Atelier Cie à Bascule, danse. © Anne-Sophie Guillaume

L’Observatoire – Comment définiriez-vous ce « tiers-lieu » et quels sont les principes fondateurs du nouveau projet de l’Hôtel Pasteur ?

Sophie Ricard – Le principe fondateur de l’Hôtel Pasteur est de partir du « non-programme ». L’idée est de mettre le bâtiment à l’épreuve par l’usage des besoins issus de la société civile qui ne trouveraient pas leur place dans le cadre d’institutions plus classiques, peut-être trop codifiées. Par une étude de faisabilité « en actes » et l’observation de ces différentes formes d’appropriations ouvertes et non dictées par une direction artistique, nous faisons le pari d’inventer un projet auquel nous n’aurions pas pensé à l’avance, et qui serait davantage démocratique.

Je dirais de l’Hôtel Pasteur qu’il s’agit d’un projet architectural qui fait preuve de réversibilité, en étant capable de s’adapter aux besoins de la société civile, dans une société en mouvement qui se transforme très rapidement. C’est donc un « lieu agile » qui doit permettre d’accompagner le temps de l’expérimentation. C’est aussi un lieu non affilié à une discipline précise mais toujours capable d’accueillir des besoins sociétaux.

L’Observatoire L’une des caractéristiques de l’Hôtel à Projets est justement l’aspect temporaire des activités, sans qu’aucune spécialisation ne soit mise en avant. Cependant, y a-t-il des critères ou du moins des orientations particulières sur les types de projets accueillis ?

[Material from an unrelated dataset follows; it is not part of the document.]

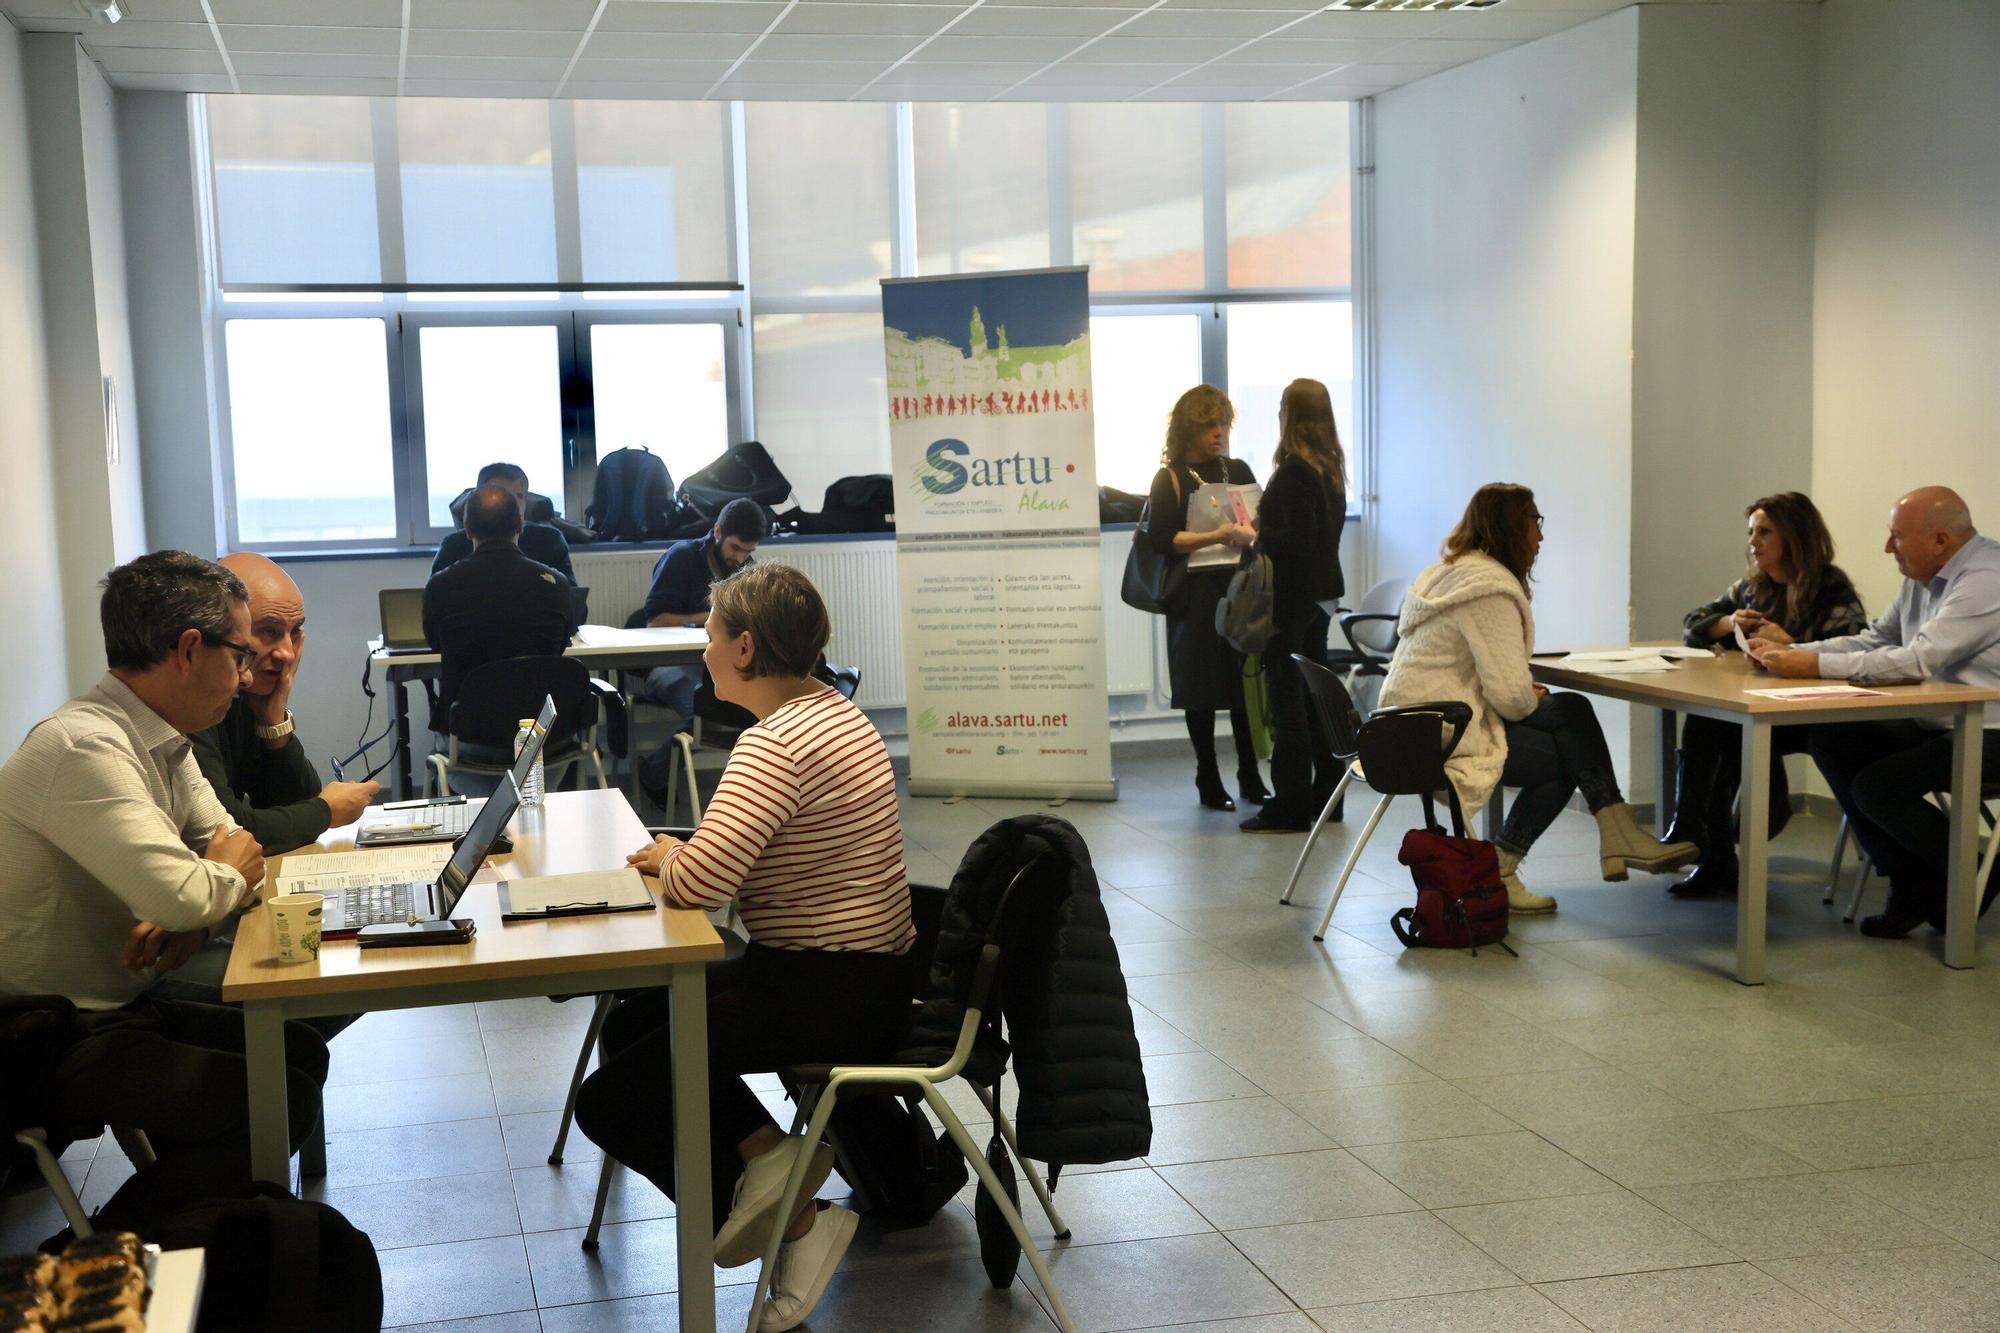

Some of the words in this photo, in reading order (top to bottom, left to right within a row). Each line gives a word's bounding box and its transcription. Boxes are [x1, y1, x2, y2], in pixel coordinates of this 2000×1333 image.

[921, 438, 1053, 495] Sartu
[1018, 488, 1070, 513] Alava
[947, 711, 1068, 728] alava.sartu.net

S. R. – Nous avons associé autour de nous un réseau de partenaires, de forces vives porteuses de différentes pratiques et disciplines dans la ville, qui représentent des besoins variés autour des arts, de la culture, de la santé, du social, de l’éducation… Plutôt que d’avoir une direction artistique, nous avons fait le choix de nous retrouver autour de valeurs et principes fondamentaux, traduits dans une charte qui énonce les principes d’accueil et de séjour de l’Hôtel Pasteur.

Il s’agit d’un projet architectural qui fait preuve de réversibilité, capable de s’adapter aux besoins de la société civile.

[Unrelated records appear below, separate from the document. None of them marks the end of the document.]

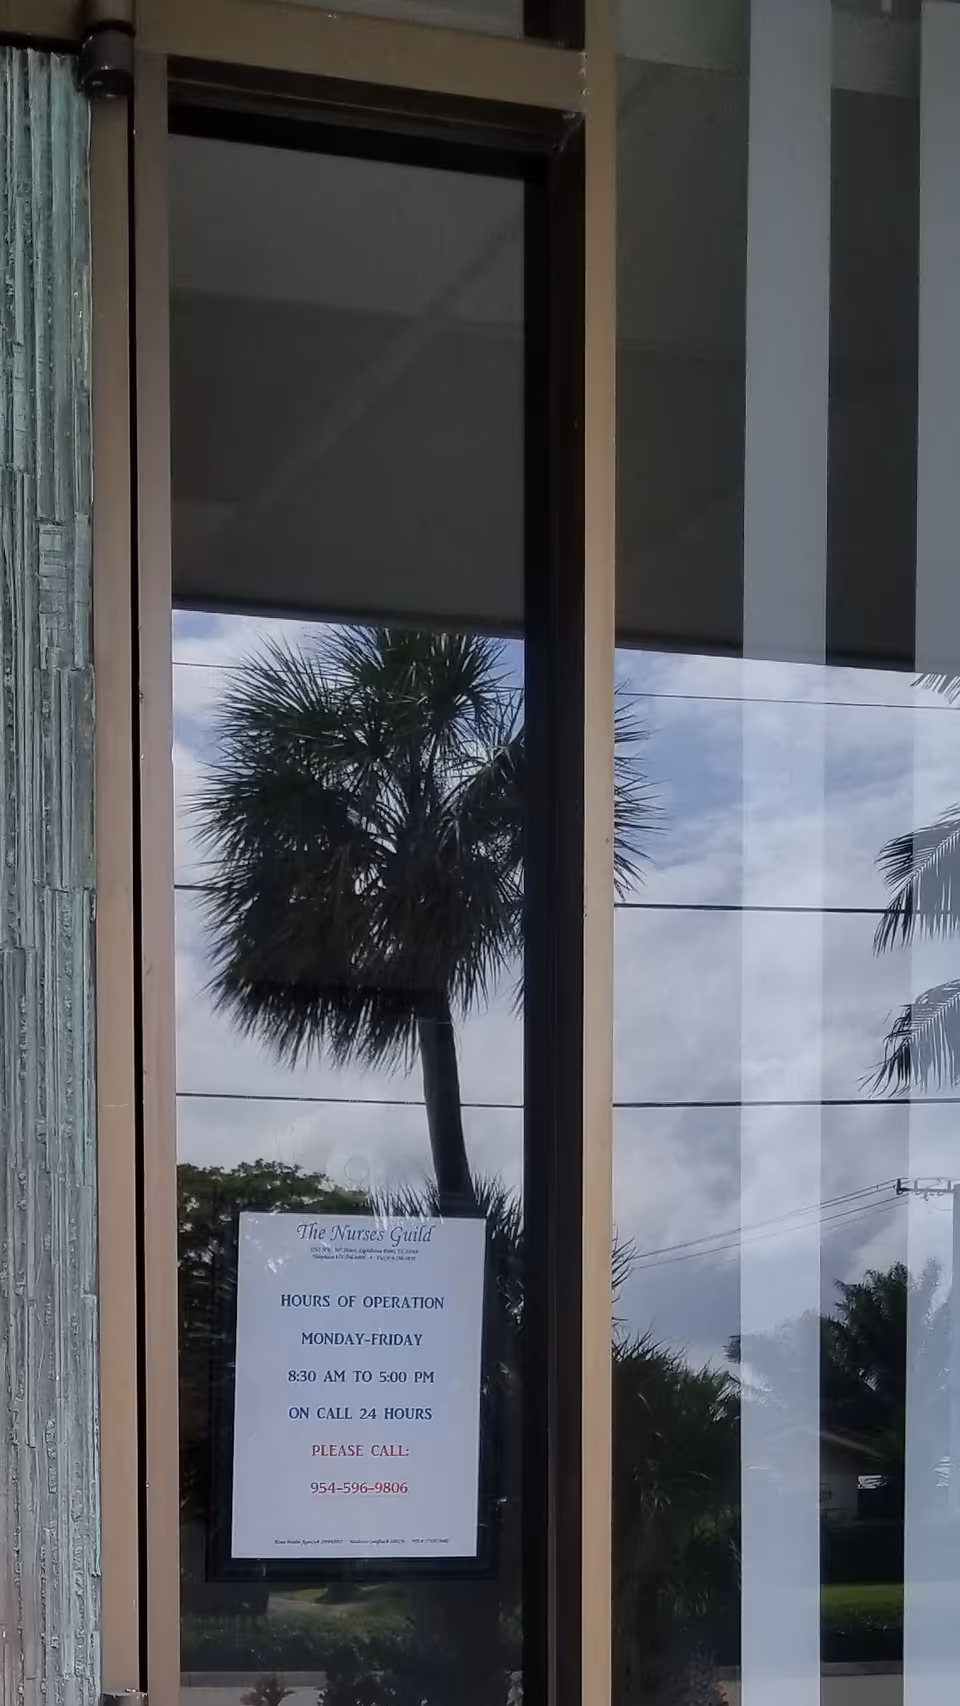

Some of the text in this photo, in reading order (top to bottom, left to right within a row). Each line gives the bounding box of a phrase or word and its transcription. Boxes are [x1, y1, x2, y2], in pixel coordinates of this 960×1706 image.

[296, 1222, 435, 1247] The Nurses Guild
[280, 1294, 445, 1309] HOURS OF OPERATION
[301, 1332, 423, 1346] MONDAY-FRIDAY
[288, 1370, 435, 1384] 8:30 AM TO 5:00 PM
[288, 1407, 433, 1421] ON CALL 24 HOURS
[311, 1445, 410, 1457] PLEASE CALL:
[310, 1482, 408, 1495] 954-596-9806
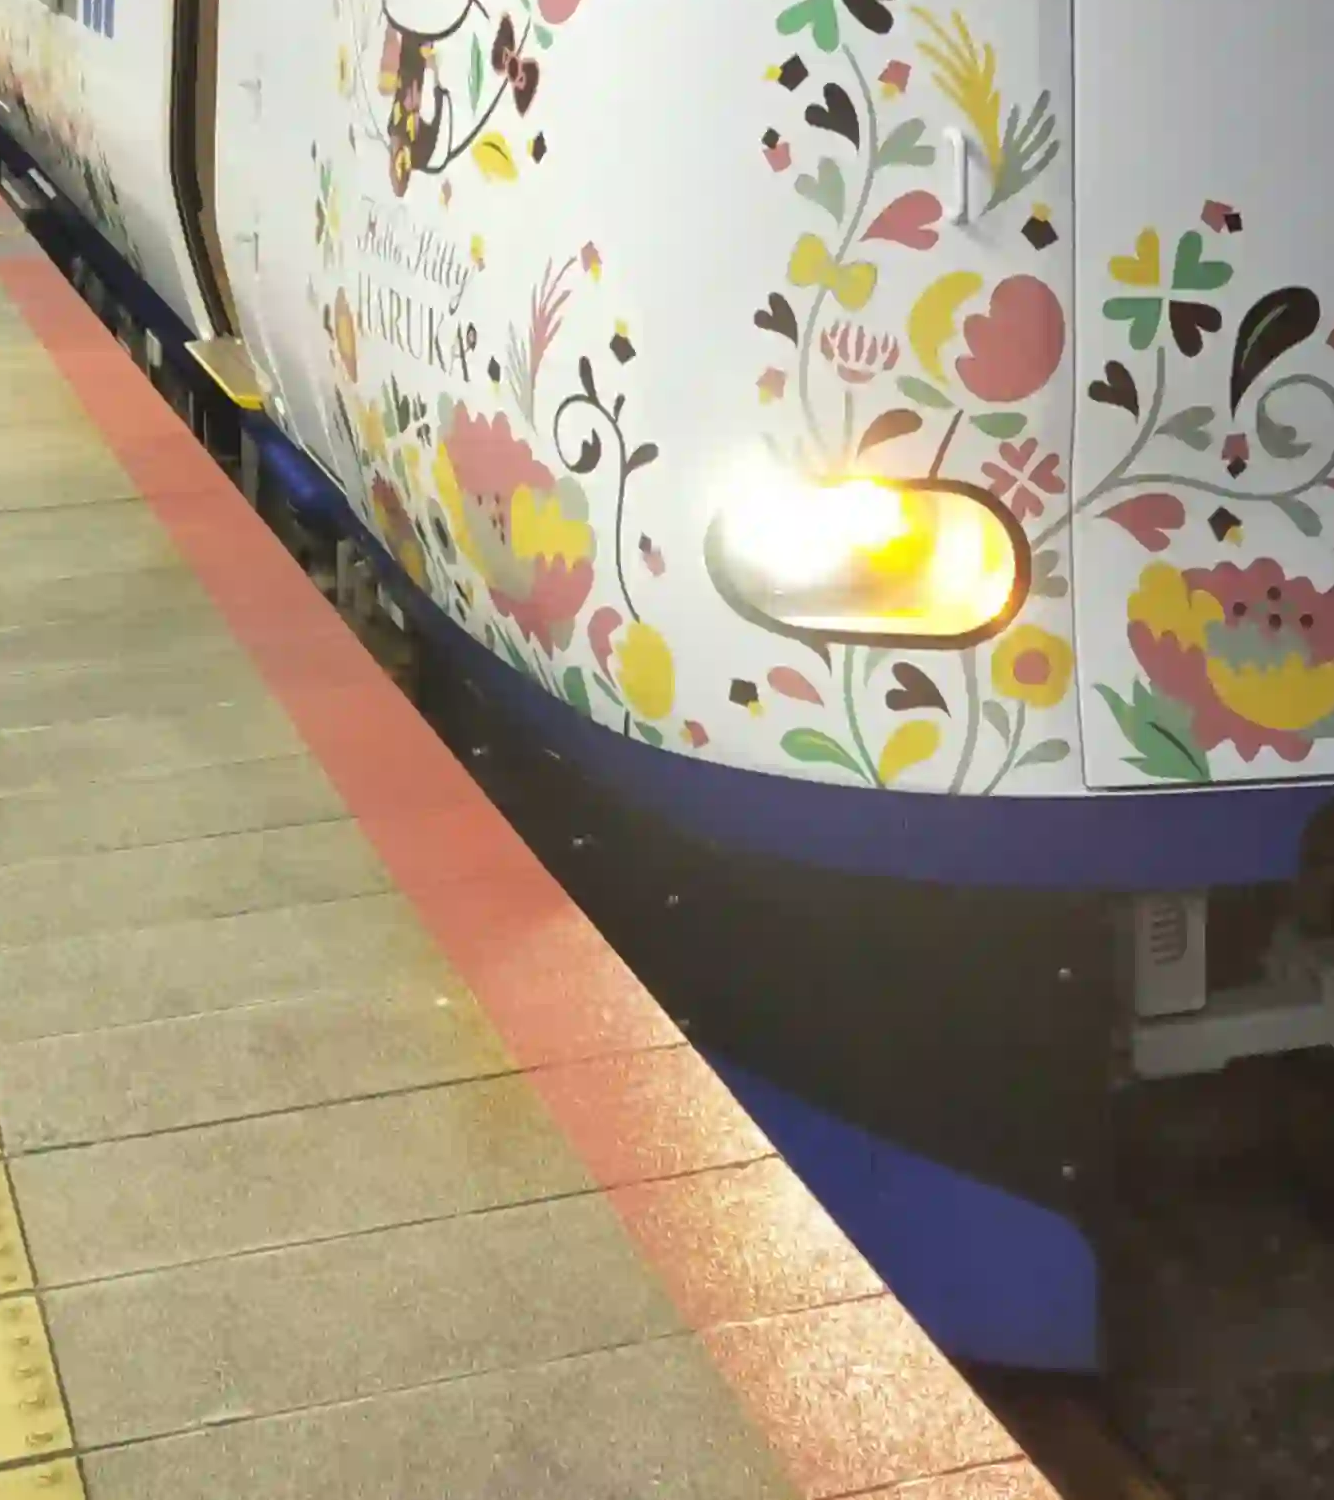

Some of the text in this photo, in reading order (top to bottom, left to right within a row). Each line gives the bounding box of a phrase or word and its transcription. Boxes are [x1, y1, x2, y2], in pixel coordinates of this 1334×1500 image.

[356, 198, 473, 316] Hello Kitty
[357, 270, 471, 382] HARUKA

On a essayé d’écrire dix règles de séjour, qui sont plutôt des règles de vie, avec notre conseil collégial. Comme ce lieu est voué à toujours se réinventer, nous avons par exemple décidé de ne pas programmer plus de six mois à l’avance, ni rester plus de trois mois en résidence, pour permettre un turn-over continu.

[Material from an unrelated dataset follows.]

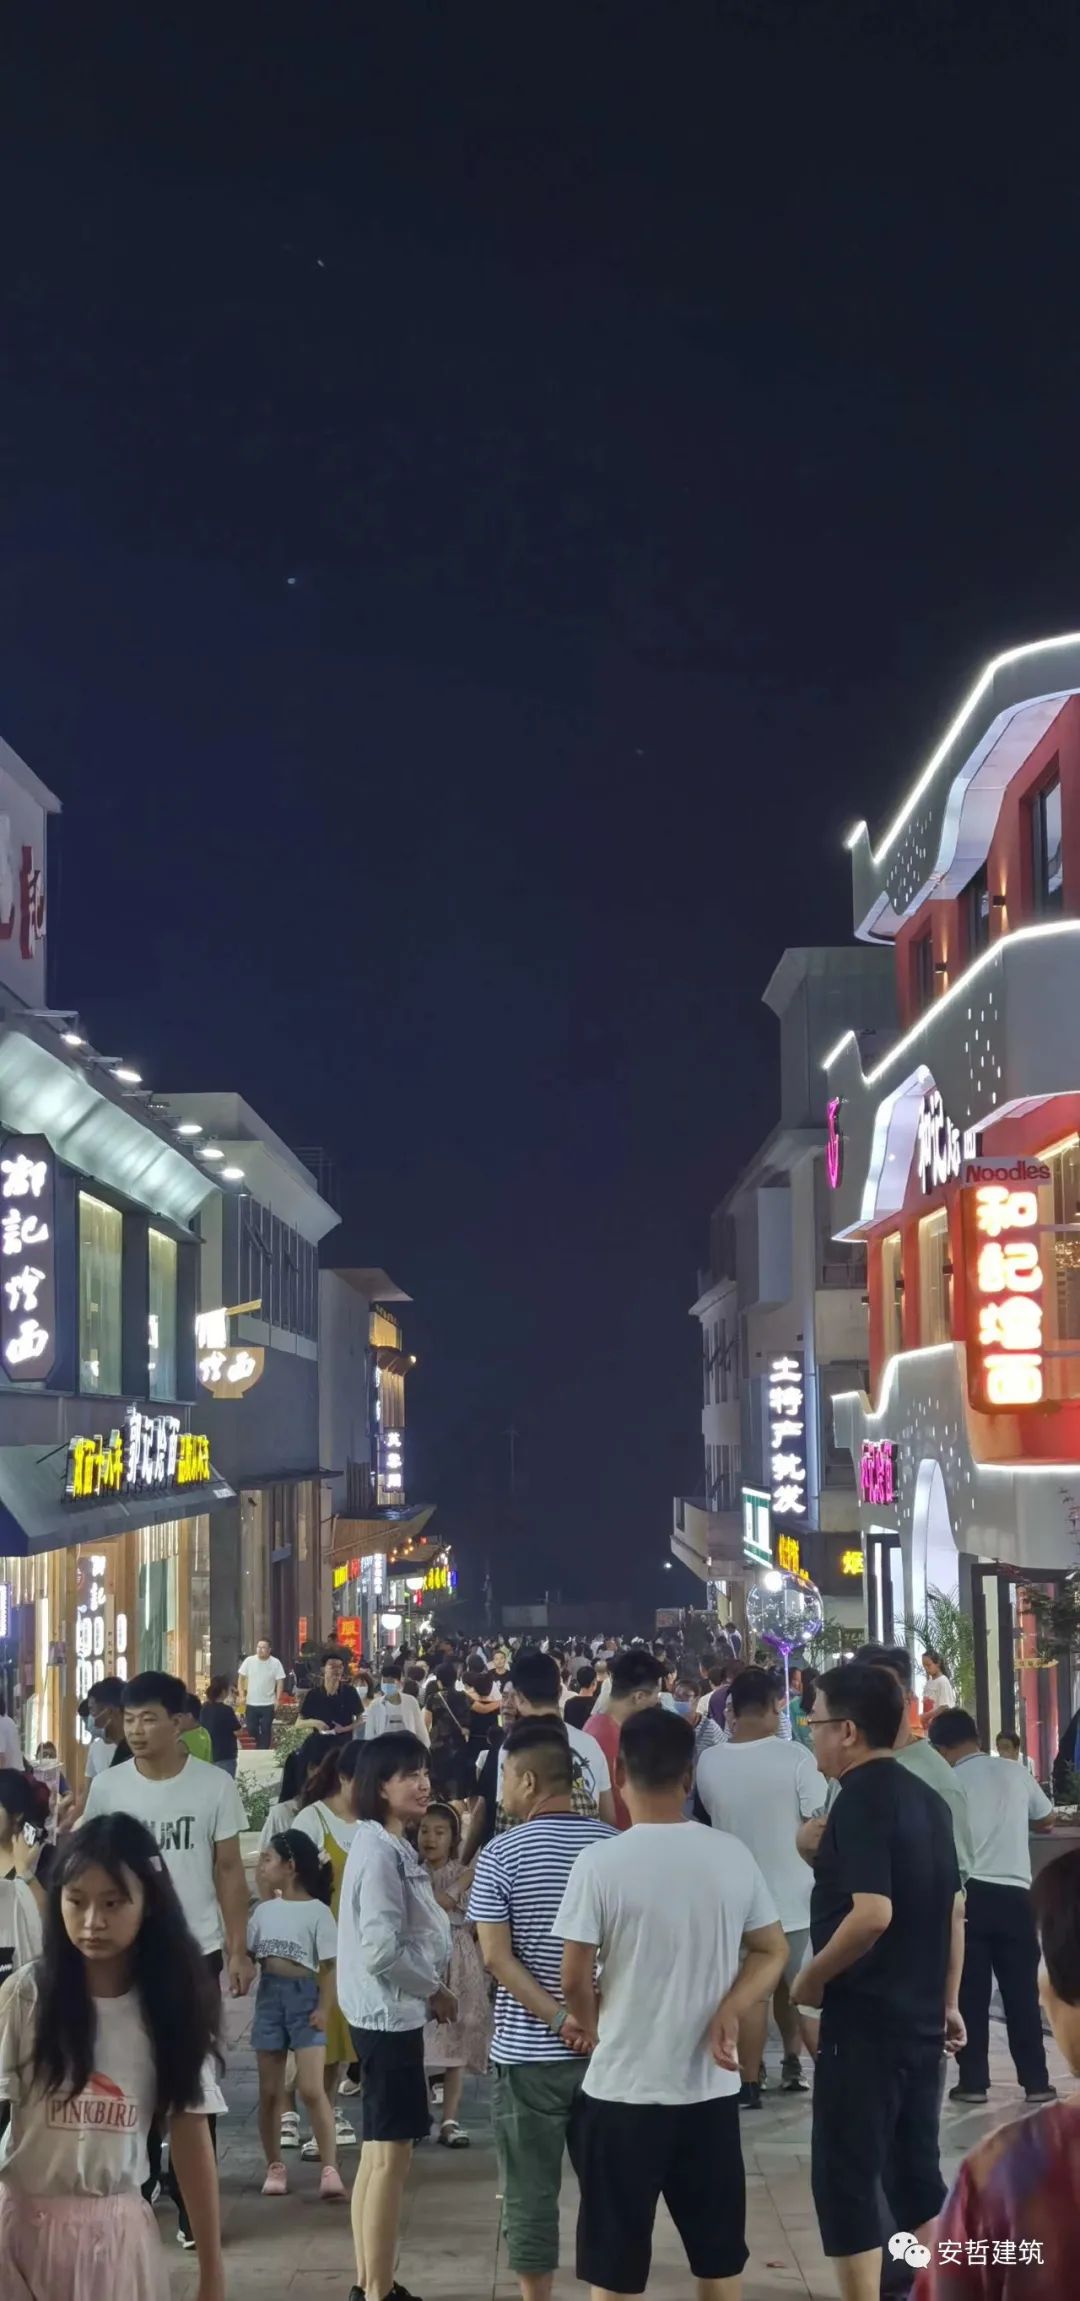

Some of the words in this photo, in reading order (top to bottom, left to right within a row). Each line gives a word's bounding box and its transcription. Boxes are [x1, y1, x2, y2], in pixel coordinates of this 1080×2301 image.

Nous ne sommes pas une Maison des associations, nous travaillons sur l’appropriation et non sur la propriété. Chaque Rennais doit pouvoir passer à l’Hôtel Pasteur pour expérimenter un projet ou une idée qu’il aurait envie de mettre à l’épreuve avant de la reproduire ailleurs.

L’Observatoire On sait que beaucoup de lieux culturels aujourd’hui peinent à se renouveler du fait des contraintes architecturales qui entravent de nouvelles potentialités. L’Hôtel Pasteur a mené une démarche pensée à l’inverse qui a commencé avec les « permanences Architecturales » mises en place au sein de « l’Université foraine L’université Foraine est un concept élaboré par les architectes Patrick Bouchain et Loïc Julienne autour de l’association Notre atelier commun. Cette université un peu particulière propose de s’installer dans des sites inoccupés, avec comme principe de faire émerger un projet par la participation, en travaillant sur l’ouverture au public, l’appropriation de tous, sans programme prédéfini, ni commande. Le mot « université » est entendu comme un lieu de savoirs et de transmission. Le qualificatif « foraine » sous-entend l’éphémère, le nomade et renvoie également à l’animation, la fête. ». Quels en étaient les principes ?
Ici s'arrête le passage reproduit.